We asked several Financial Planning and Analysis professionals to share their perspectives on the mindset needed for success now and in the future. Their comments highlight a common theme of the need to elevate the technical expertise of finance to the level of strategy. This occurs by placing the everyday decisions normally seen in operations into the larger strategic context: Does this support where the company is going? How do we know? The focus on future allocation of capital and resources is what separates FP&A from other finance departments and helps fulfill FP&A’s “Why” statement:

Drive the Right Strategic Choices within the Company

Let’s hear from the practitioners:

Gaileon Thompson, Senior Vice President, FP&A Group Manager, US Retail Bank Operations, Citibank, AFP Board of Directors

FP&A can be the voice that plays the devil’s advocate by asking the probing questions and by challenging assumptions to ensure that the strategy under consideration is attainable. To that end, FP&A can also proactively bring insights to the table that marry the available data and financials together to help shape how the strategy unfolds.

Nikolaj Lynge, Head of Business Intelligence at Maersk Supply Service

Today’s corporate decision-making relies on trusted advisors providing critical recommendations to increase the likelihood of success. The core of the FP&A mindset is this advisor role. The role builds on three tricks: 1) a net present value (NPV) mind for thinking about (almost all) decisions; 2) a curious mind wanting to understand how value is generated; and, 3) a team-approach ensuring decisions benefit the organization.

Geetanjali Tandon, Digital & IT Transformation Finance Lead at Bayer Crop Science, Chair of the AFP FP&A Advisory Council

An FP&A professional does not just look at the numbers but rather tries to dig deeper to understand the story that the numbers are forming. This deeper thinking helps FP&A influence leadership to reflect on the strategic choices and the possible story that choice will create within the vision and mission of the company. A financial analyst uses not only the financial numbers but also market trends, economic indicators as well as works closely with the business to understand the assumptions to provide insights on the impacts of decisions. This mindset of obtaining various points of view, being able to formulate and understand the big picture and weave a story with numbers around it is what sets an FP&A professional apart.

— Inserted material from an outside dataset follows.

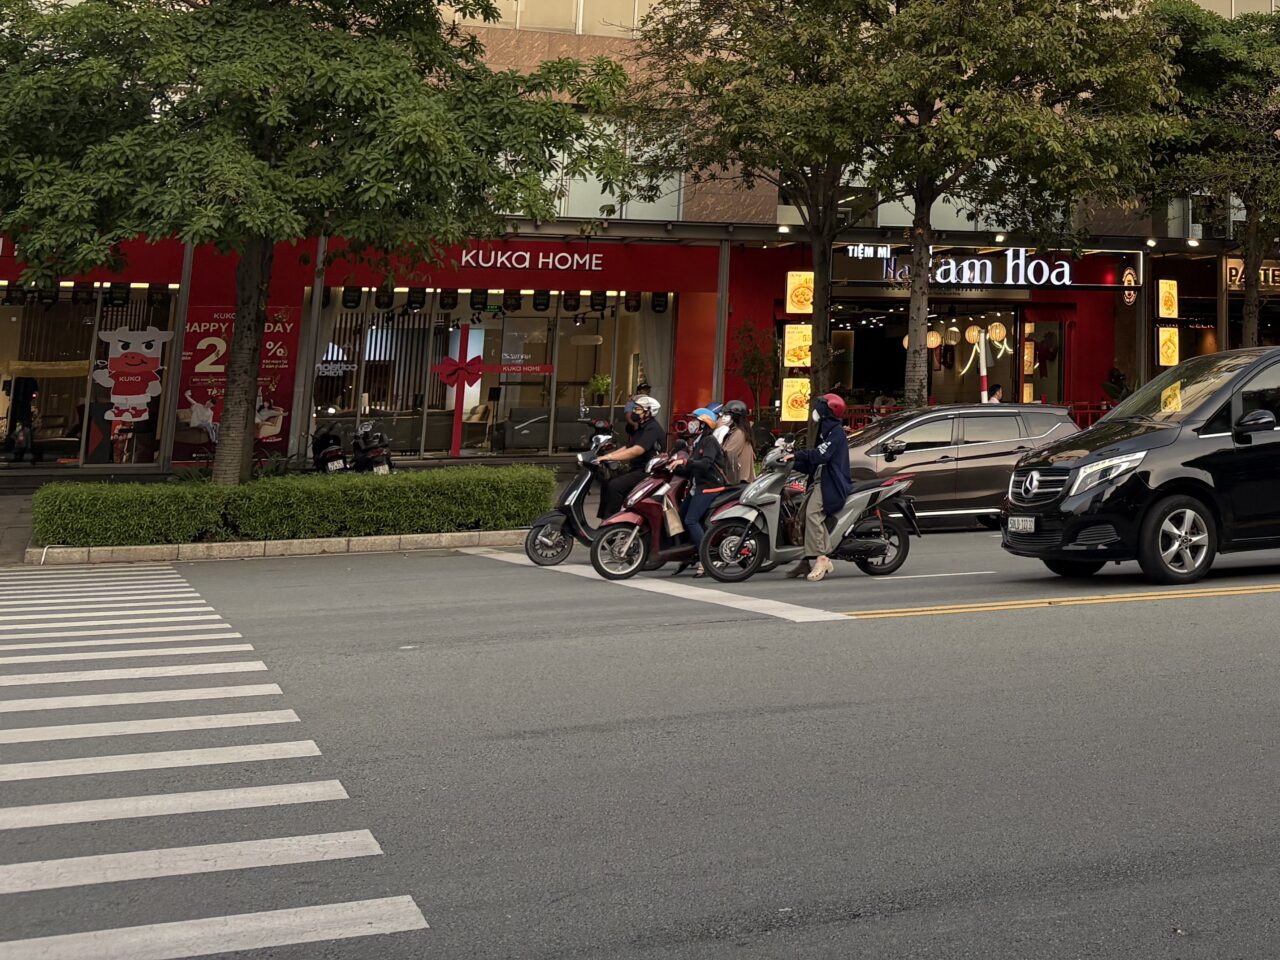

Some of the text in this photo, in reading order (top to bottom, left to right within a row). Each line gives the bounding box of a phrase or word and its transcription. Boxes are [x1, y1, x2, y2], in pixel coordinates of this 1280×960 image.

[847, 243, 874, 259] TIỆM
[538, 251, 604, 271] HOME
[1004, 247, 1073, 286] Hoa
[185, 322, 229, 333] HAPPY

Tania Trifunoski, Commercially focused Financial Planning and Analysis Leader

You need curiosity to develop, challenge, and influence the strategic thoughts of key decision makers. You’ll need courage to explore historical data and reveal where there is a risk to a strategy option. Also, a crystal ball to financially model the impact of the strategic options. And, clarity of the company’s growth environment so that you have awareness and can adapt while navigating to the preferred strategy.

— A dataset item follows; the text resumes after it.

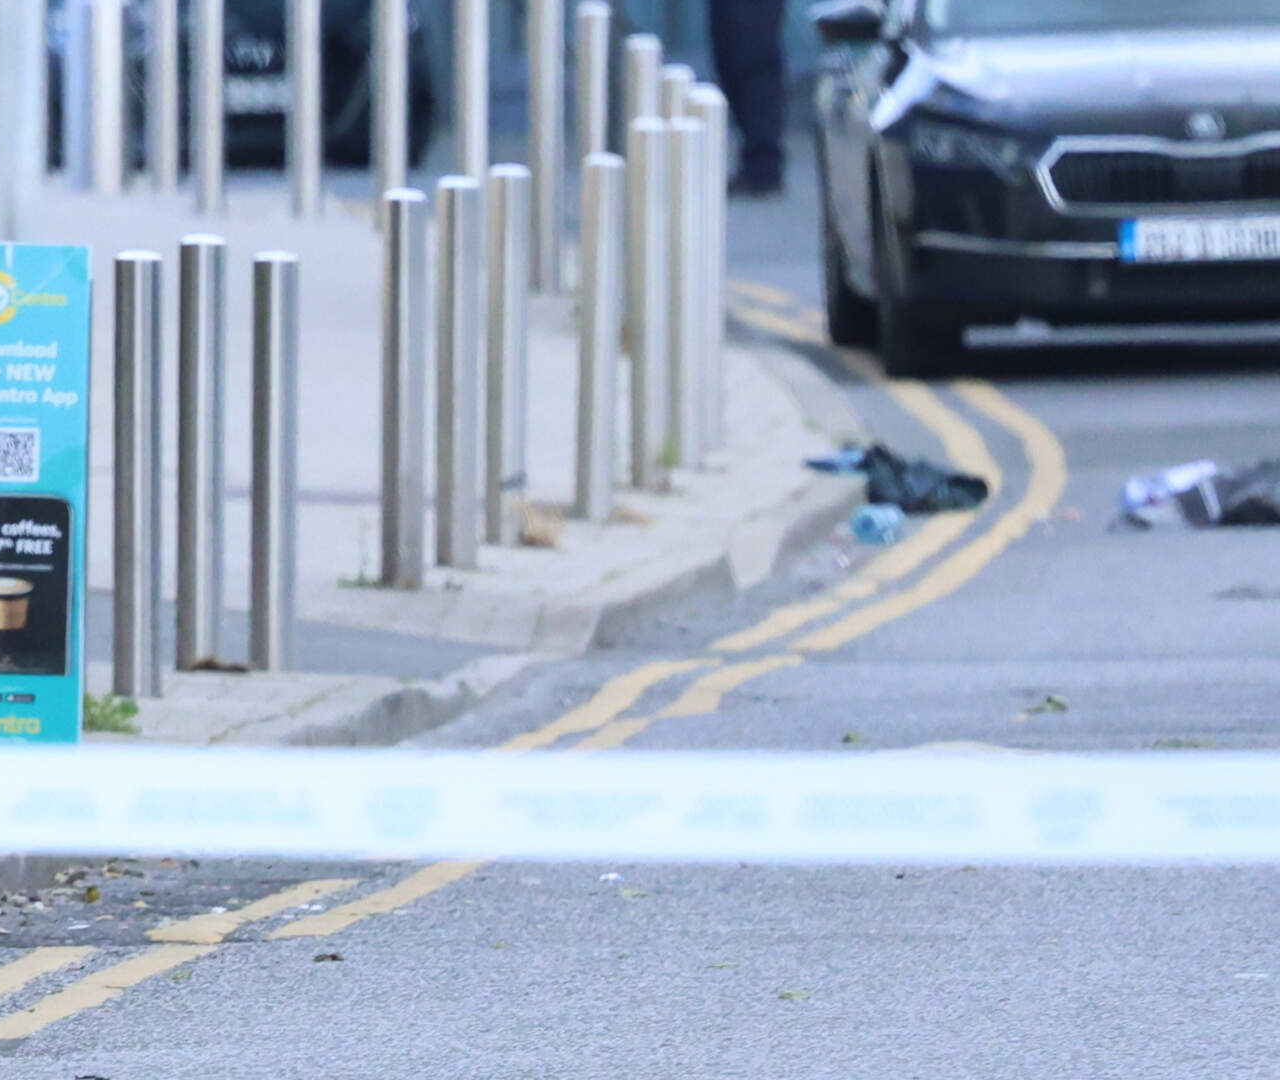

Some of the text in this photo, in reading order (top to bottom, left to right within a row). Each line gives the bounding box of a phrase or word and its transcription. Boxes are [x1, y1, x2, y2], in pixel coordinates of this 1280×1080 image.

How to develop this mindset for your FP&A team

Strategy is about making choices, and strategic frameworks are tools that will help you develop and consider options and actions. Here are four actions you can take to develop the strategic mindset:

  • Curiosity: You must ask questions to ensure 1) options are explored and 2) each option is evaluated with the same rigor 3) allow your mind to wander a bit and investigate the data, the business, and the assumptions.
  • Courage: You must have the courage to ask the questions, even if that means challenging senior management about which strategic options will be best for the business, and the tactical options that will get you there.
  • Crystal ball: You must have foresight into what might happen if a certain choice is made. Develop your modeling abilities to predict multiple outcomes, press for clarity on assumptions, and deliver a recommendation.
  • Clarity: Strive for clarity in your presentations to foster communication and alignment. That may mean in-person meetings or visualizations. It definitely involves listening and reading the reactions of your partners.

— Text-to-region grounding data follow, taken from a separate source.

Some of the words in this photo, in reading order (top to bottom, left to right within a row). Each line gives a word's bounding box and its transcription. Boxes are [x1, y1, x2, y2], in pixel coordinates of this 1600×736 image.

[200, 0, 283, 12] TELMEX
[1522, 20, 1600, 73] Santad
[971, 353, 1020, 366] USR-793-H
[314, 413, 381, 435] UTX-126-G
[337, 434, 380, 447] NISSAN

Mindset guides actions which will guide your stakeholders’ reactions; success is built on the team working cohesively together. FP&A has a lot to offer and bringing this mindset to the table is critical to successfully serving the company.

How will you approach adding these elements to your team’s strategic mindset? Do you have the tools you need to make highly informed decisions based on accurate data? How can you best support your FP&A team so they can improve their budgeting, forecasting, and planning?